Redis is implemented in C language, in which SDS is a structure, the source code is as follows:

image-20230624164559433

For example, an sds structure containing the string "name" is as follows:

image-20230624164700489

The reason why SDS is called a simple dynamic string is because it has the ability of dynamic expansion, for example, an SDS whose content is "hi":

image-20230624164815408

We want to add a string ", Amy" to this SDS, here we will first apply for a new memory space:

  • If the new string is less than 1M, the new space is twice the length of the extended string + 1
  • If the new string is larger than 1M, the new space is the length of the extended string+1M+1.

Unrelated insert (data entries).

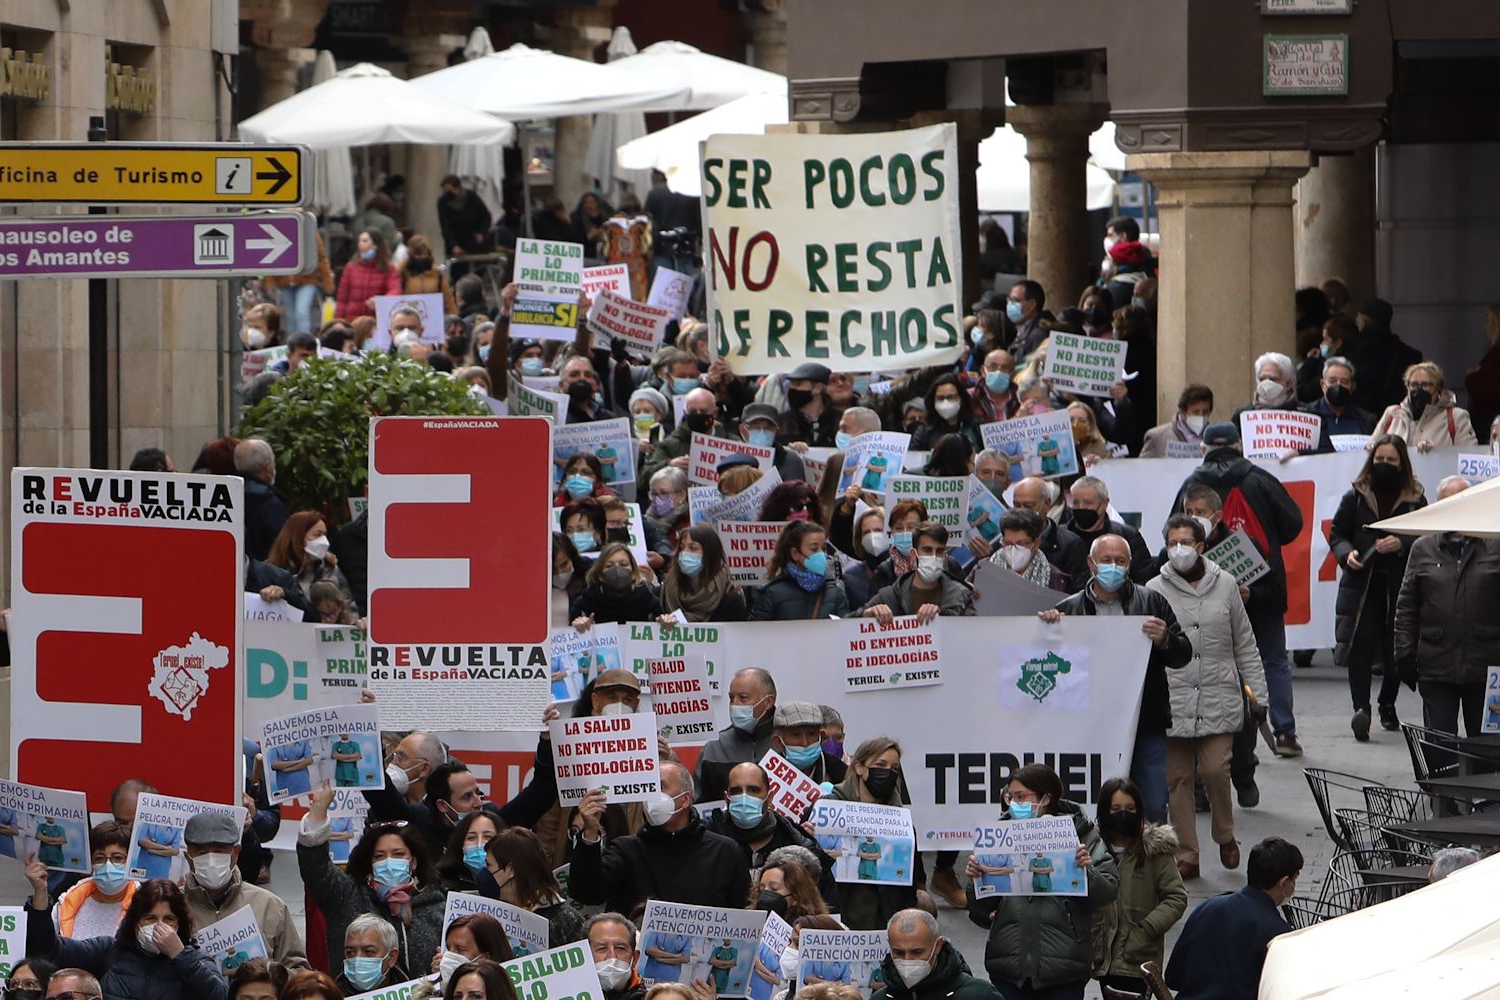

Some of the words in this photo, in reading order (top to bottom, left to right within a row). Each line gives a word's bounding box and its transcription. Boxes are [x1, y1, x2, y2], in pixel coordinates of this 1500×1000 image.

[73, 168, 99, 183] de
[114, 167, 203, 184] Turismo
[704, 159, 771, 208] SER
[804, 150, 945, 209] POCOS
[105, 227, 132, 243] de
[26, 249, 130, 266] Amantes
[709, 226, 779, 292] NO
[806, 237, 951, 293] RESTA
[521, 268, 580, 283] PRIMERO
[713, 304, 958, 358] DERECHOS
[1055, 334, 1079, 348] SER
[1083, 338, 1121, 353] POCOS
[1057, 349, 1072, 361] NO
[1075, 351, 1115, 367] RESTA
[423, 421, 499, 431] #EspañaVACIADA
[1255, 424, 1271, 436] NO
[1276, 424, 1312, 439] TIENE
[22, 475, 234, 510] REVUELTA
[893, 481, 920, 493] SER
[925, 479, 964, 493] POCOS
[23, 500, 45, 515] de
[51, 499, 67, 515] la
[73, 501, 233, 524] EspañaVACIADA
[321, 630, 345, 642] LA
[850, 640, 867, 652] NO
[870, 634, 932, 650] ENTIENDE
[371, 646, 548, 667] REVUELTA
[662, 643, 684, 657] LO
[846, 657, 863, 669] DE
[866, 650, 939, 667] IDEOLOGÍAS
[322, 679, 358, 688] TERUEL
[371, 667, 388, 680] de
[393, 667, 407, 680] la
[411, 668, 547, 682] EspañaVACIADA
[847, 675, 886, 687] TERUEL
[905, 670, 939, 682] EXISTE
[264, 713, 322, 737] ¡SALVEMOS
[325, 710, 339, 722] LA
[565, 722, 580, 735] LA
[584, 717, 630, 734] SALUD
[677, 722, 714, 734] EXISTE
[265, 726, 317, 749] ATENCIÓN
[320, 721, 376, 739] PRIMARIA!
[558, 743, 573, 757] NO
[575, 737, 647, 755] ENTIENDE
[557, 765, 571, 778] DE
[573, 757, 655, 777] IDEOLOGÍAS
[766, 756, 798, 784] SER
[30, 788, 45, 800] LA
[614, 783, 656, 795] EXISTE
[27, 802, 84, 820] PRIMARIA!
[974, 827, 1014, 849] 25%
[649, 905, 711, 923] ¡SALVEMOS
[715, 911, 728, 923] LA
[647, 919, 704, 935] ATENCIÓN
[707, 924, 761, 940] PRIMARIA!
[803, 934, 862, 947] ¡SALVEMOS
[869, 934, 882, 945] LA
[509, 947, 585, 984] SALUD

This behavior is called memory preallocation .

image-20230624165109650

Advantages of SDS over C language strings:

  1. The time complexity of getting the length of a string is O(1)
  2. Support dynamic expansion
  3. Reduce the number of memory allocations
  4. binary security

2. IntSet

InSet is an implementation of the set collection in Redis, which is implemented based on an integer array and has the characteristics of variable length and order.

The structure is as follows:

image-20230624180637342

The encoding contains three modes, indicating that the stored integer sizes are different:

image-20230624180802077

In order to facilitate the search, Redis will store all the integers in the intset in the contents array in ascending order, as shown in the following structure:

image-20230624181350976

Now, each number in the array is int16_twithin the range of , so the encoding used is INTSET_ENC_INT16that the byte size occupied by each part is:

  • encoding: 4 bytes
  • length: 4 bytes
  • contents: 2 bytes * 3 = 6 bytes

2.1 IntSet Upgrade

Suppose there is an intset, the elements are {5,10,20}, and the encoding adopted is INTSET_ENC_INT16, each integer occupies 2 bytes:

image-20230624184949852

We add a number to it: 50000, this number exceeds int16_tthe range of , intset will automatically upgrade the encoding method to a suitable size.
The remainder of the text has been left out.